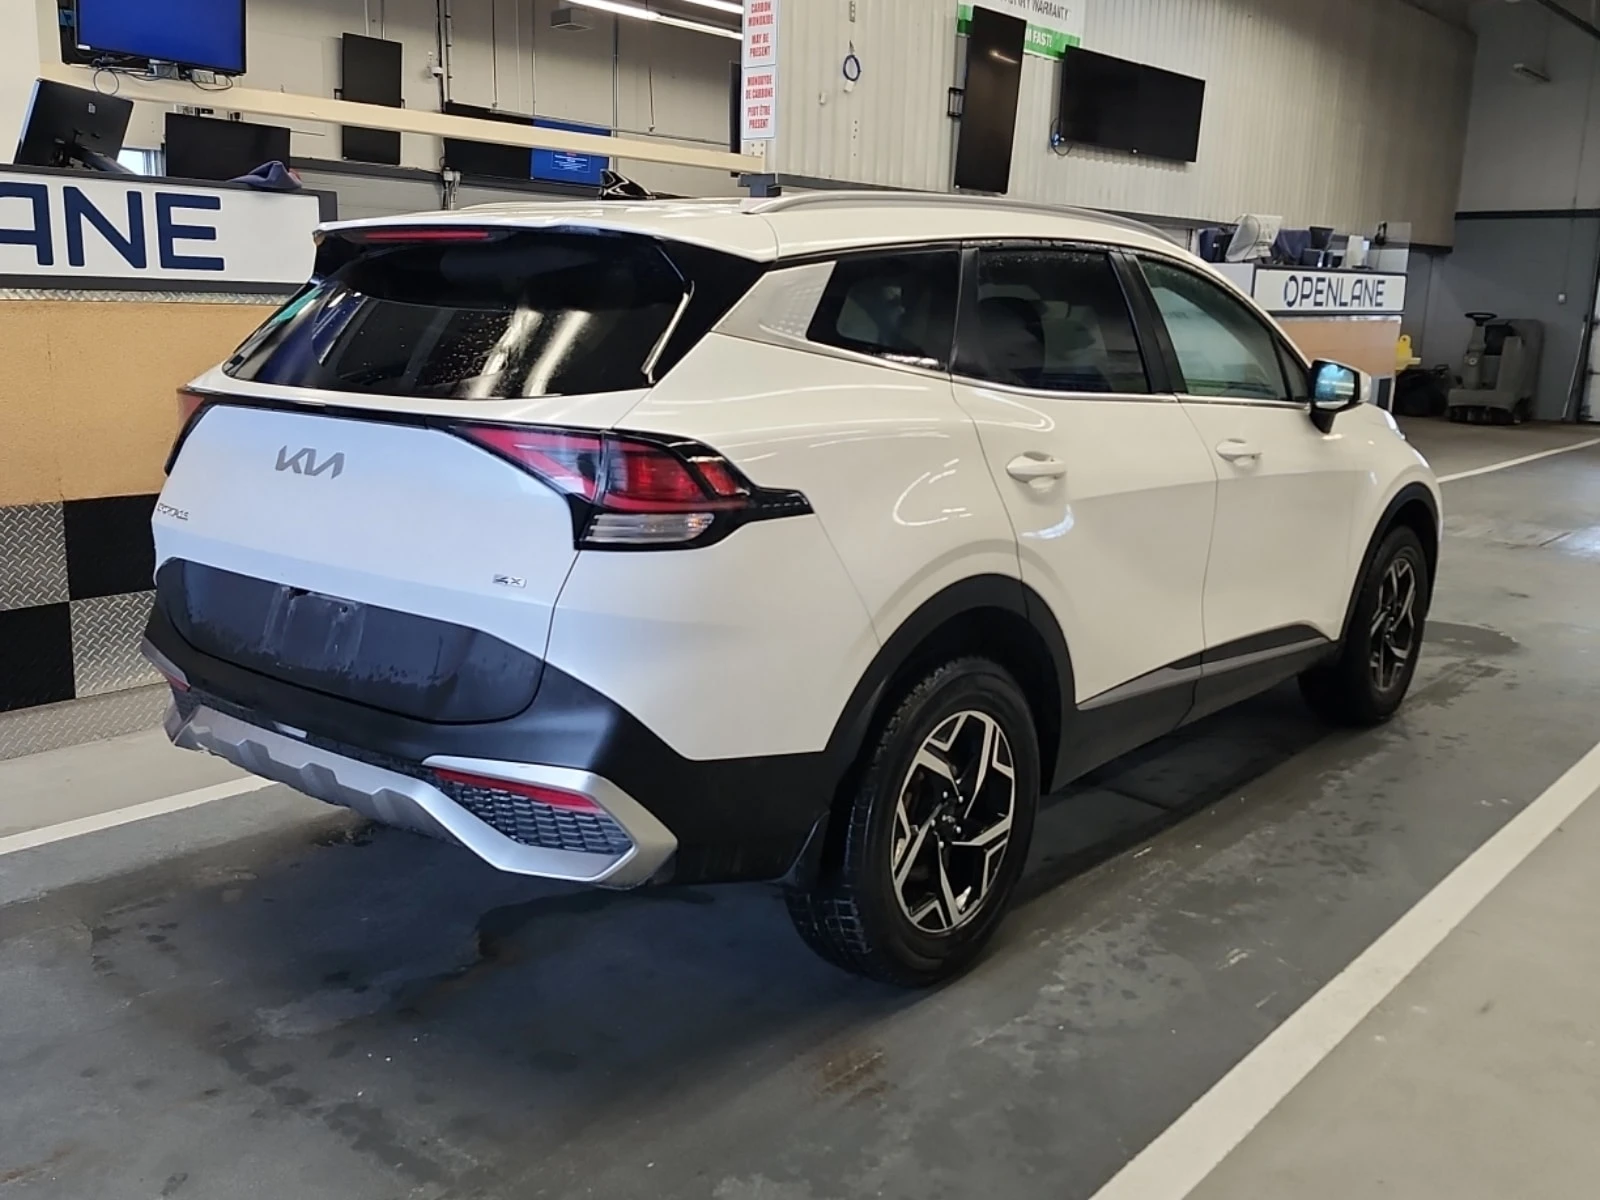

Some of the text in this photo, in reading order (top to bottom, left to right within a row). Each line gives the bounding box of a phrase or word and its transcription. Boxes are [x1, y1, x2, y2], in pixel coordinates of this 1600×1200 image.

[751, 1, 771, 13] CARBON
[1032, 0, 1069, 20] WARRANTY
[748, 14, 773, 26] MONOXIDE
[752, 33, 769, 44] MAY BE
[750, 46, 770, 57] PRESENT
[1284, 274, 1386, 307] OPENLANE
[275, 445, 345, 479] KIA

* [Try it]
The data must be reproduced exactly, and no picture may appear in the copy.

* [Response for this exercise]
Some of the text in this photo, in reading order (top to bottom, left to right within a row). Each line gives the bounding box of a phrase or word and its transcription. Boxes are [x1, y1, x2, y2], in pixel coordinates of this 1600×1200 image.

[751, 1, 771, 13] CARBON
[1032, 0, 1069, 20] WARRANTY
[748, 14, 773, 26] MONOXIDE
[752, 33, 769, 44] MAY BE
[750, 46, 770, 57] PRESENT
[1284, 274, 1386, 307] OPENLANE
[275, 445, 345, 479] KIA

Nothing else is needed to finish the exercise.